I joined a u3a walk round Tunbridge Wells this morning taking in the plaques on buildings where sundry notables had lived or visited: Lord Dowding, Queen Victoria, W M Thackeray, a notable high-class whore and many others.  Not on the list, a building opposite the Queen Victoria plaque carries a blue plaque on a modest house where Clarissa Jerome, Winston Churchill’s grandmother, once lived.  One plaque commemorates the factory where Subbuteo table football sets were made, so I permitted myself the job of explaining the name.  The inventor, one Peter Adolph, a resident of our village, wanted to brand the name Hobby.  This was ruled to be too generic, so he went for the Latin name of the hobby, winged variety.  One of the members of our little group was, in her student days, one of the home workers who hand painted the model footballers, at a thoroughly abusive piece rate.

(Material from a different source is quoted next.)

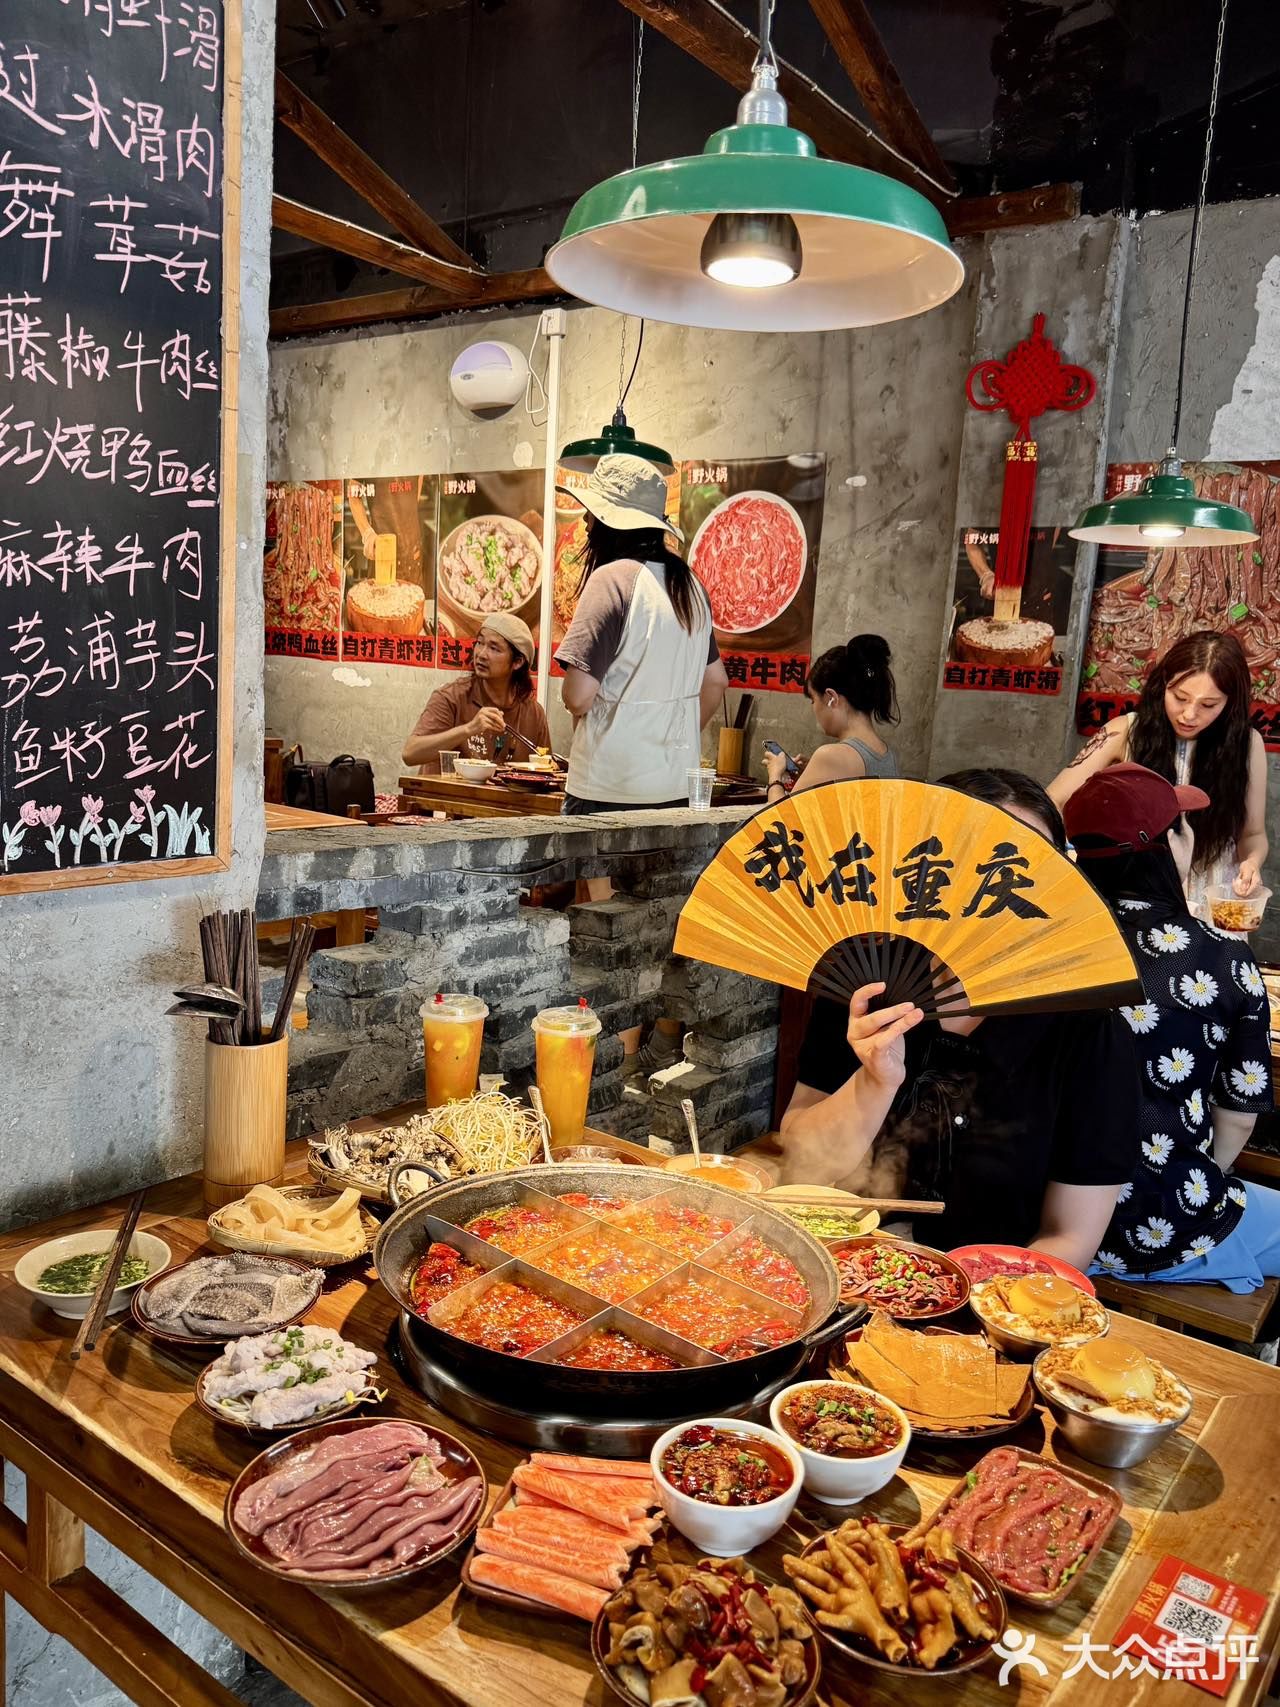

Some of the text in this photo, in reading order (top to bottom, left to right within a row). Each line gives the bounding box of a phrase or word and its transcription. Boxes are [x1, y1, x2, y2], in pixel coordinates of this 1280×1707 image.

I proceeded to bore further by telling them why certain motor cars have their names.  Mr Horch, after falling out with Auto Union, which by then owned the Horch brand name, decided to go Latin as well: his name, which means hearken or listen in English, is, of course, in Latin, Audi.  One in the eye for the extinct Auto Union, even if it’s now just a VW with attitude.

I gave up about two thirds of the way round when I still had a relatively level walk back to where I’d parked.  My worse knee has swelled up a bit, so I think Something Will Have To Be Done.  Still, the iPhone tells me I dun close to 6700 steps, 3.6km, so it can’t be that bad.

First flowers today on the iris sibirica.  And the first rose to flower is one one of the cream flowered mini roses we were given last Christmas.

Tuesday, 1 June 2021

Excitements for over-70s

Two lots of washing on the line by 08:00, and put away by 12:15.  Lidl, chemist and Post Office run done by 09:15.  Overflowing drain cleared of putrefying oak leaves from next door (snarl!) with the assistance of some plastic gloves from Fortnums’ bakery counter.  Shrub hydrangea pruned.  Don’t think I can handle much more of this excitement.

Martyn (though under 70) has designed and implemented yet another filter for the pond fountain, and planted some more beans.  I think he wins.